RTD suppliers at the World Tea Show believe sales are starting to turn. And as consumers return to the convenience of the RTD category, new drinkers will follow, as the healthful halo surrounding tea gains recognition.

“During the down economy consumers have been increasingly focusing on self care in order to avoid becoming ill, and the trend whereby marketers are positioning tea even more heavily than usual on its healthful properties is apparent in the many new functional tea products hitting the market,” says Don Montuori, publisher at Packaged Facts.
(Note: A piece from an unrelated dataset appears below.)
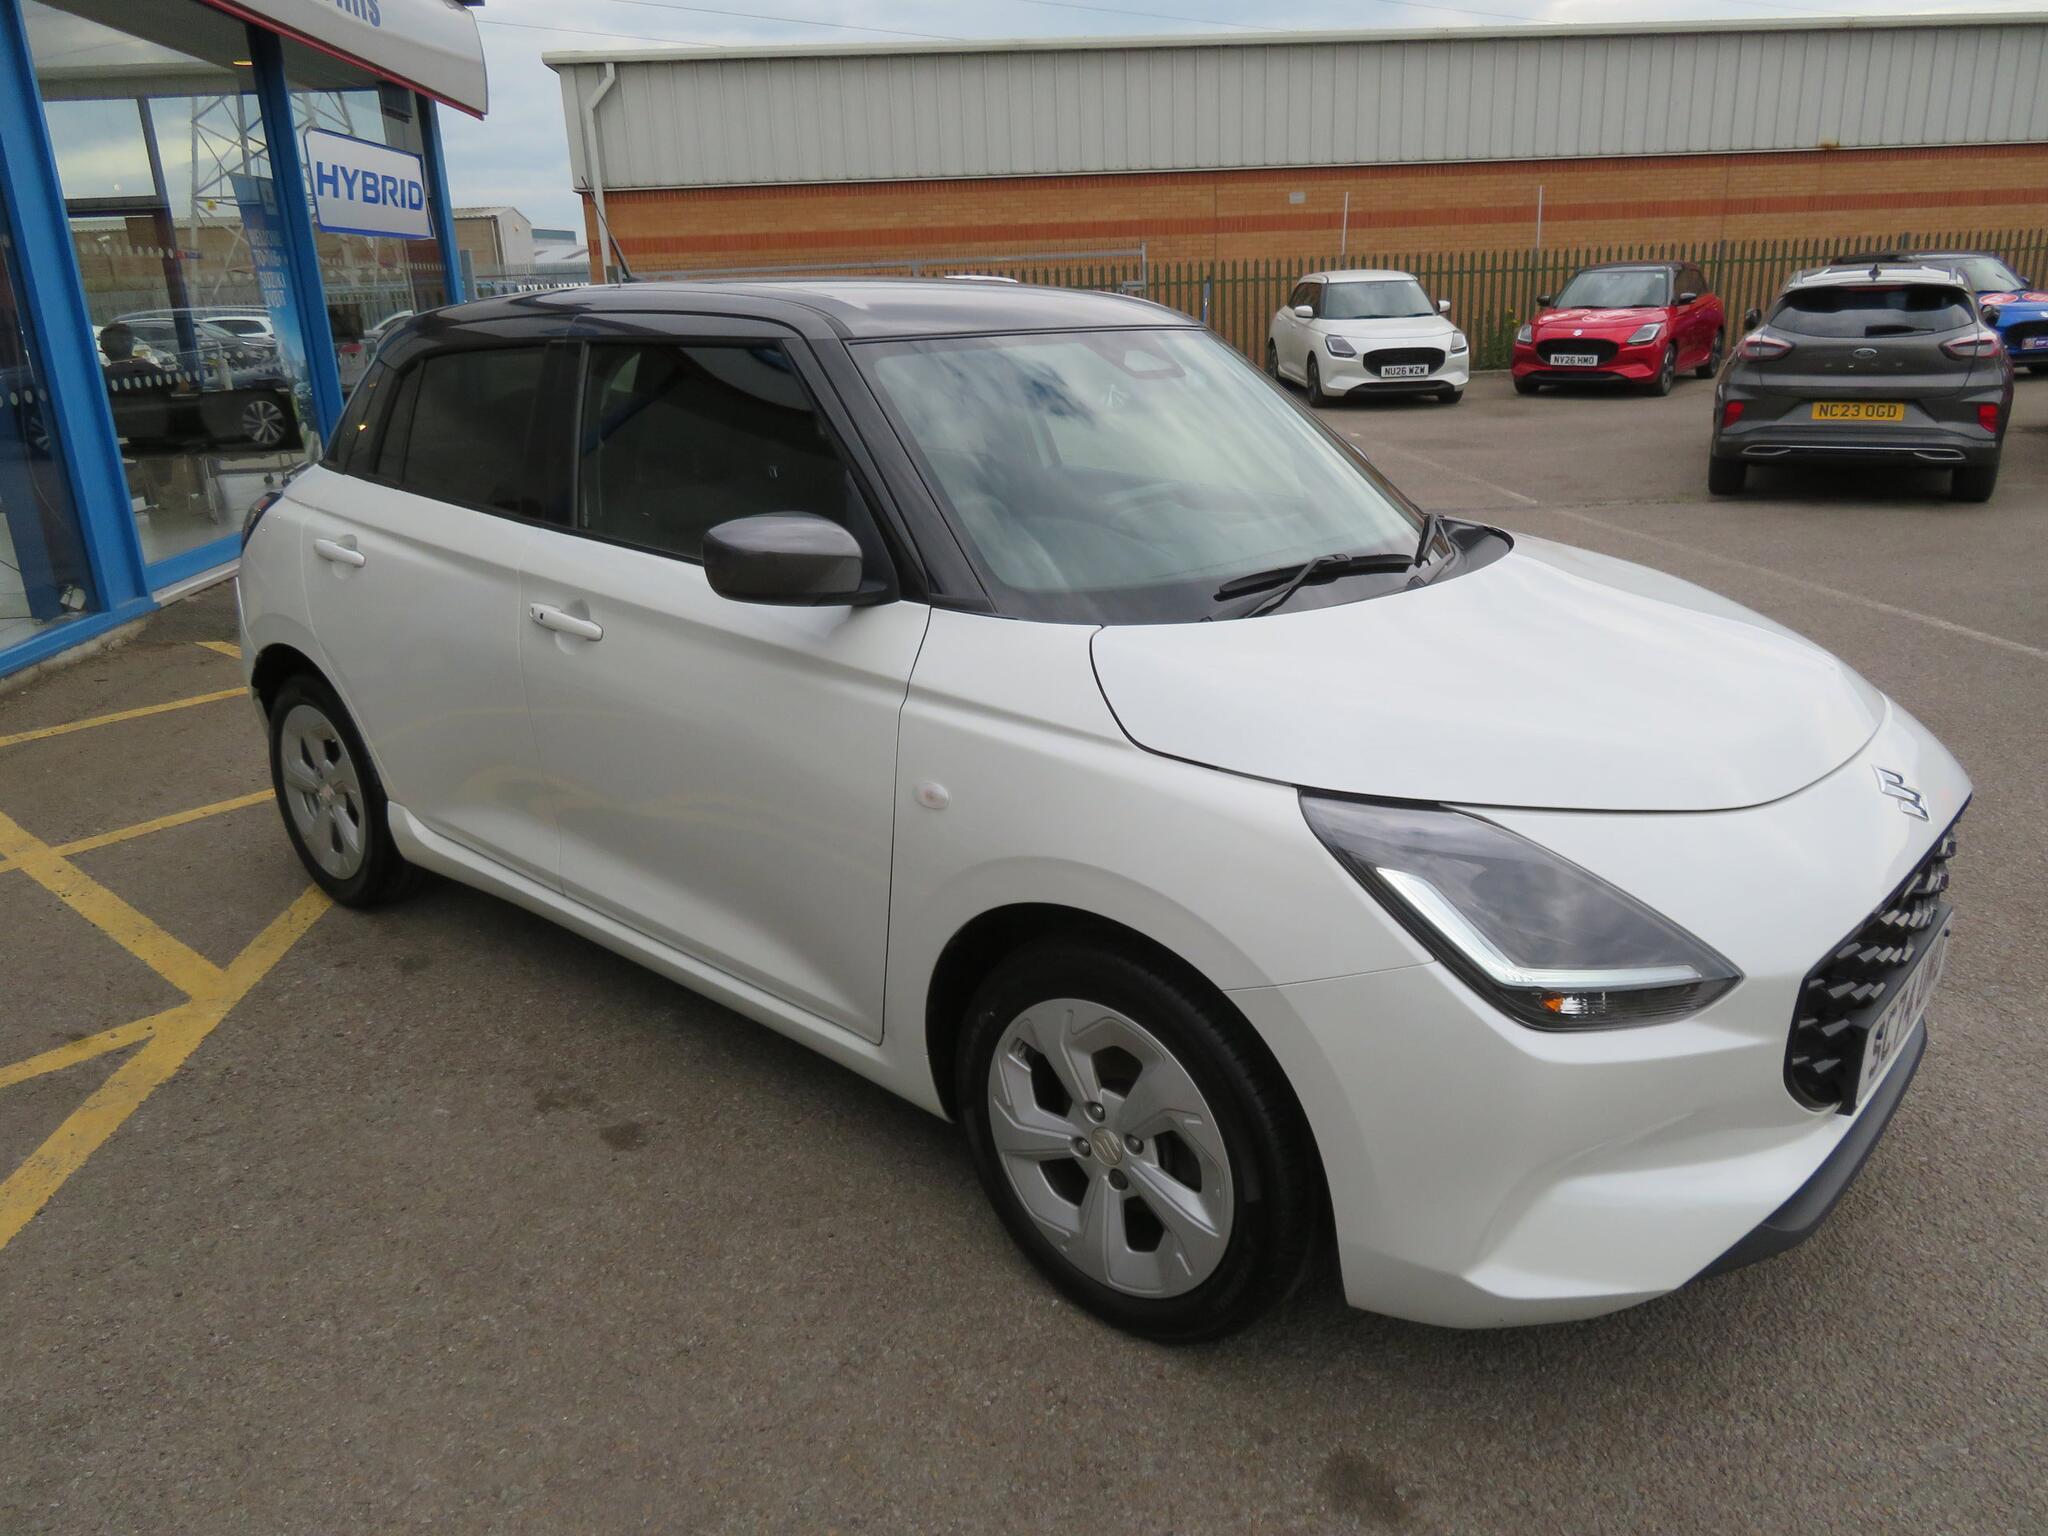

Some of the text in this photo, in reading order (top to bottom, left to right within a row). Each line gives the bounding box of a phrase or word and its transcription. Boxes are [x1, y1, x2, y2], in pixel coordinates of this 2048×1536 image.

And here’s more positive news on tea. In a new study published online June 18 in Arteriosclerosis, Thrombosis and Vascular Biology, researchers found that people who drink a lot of tea or drink coffee in moderation are less likely to die of heart disease than coffee and tea abstainers. Researchers followed more than 37,000 people in The Netherlands for 13 years in one of the largest and longest studies ever to examine the impact of coffee and tea drinking on heart health.

Findings included:

•    People who drank three to six cups of tea per day had a 45% lower risk of death from heart disease than people who drank less than one cup of tea a day.

•    Drinking more than six cups of tea a day was associated with a 36% lower risk of heart disease, compared to drinking less than one cup.

But most of the people in The Netherlands study drank black tea, which is also consumed more than green tea in America. The perception has been that green tea is the “healthy” tea, but this study suggests black tea may be just a good for the heart.

Dairy processors: got tea? If not, you might want to get on board.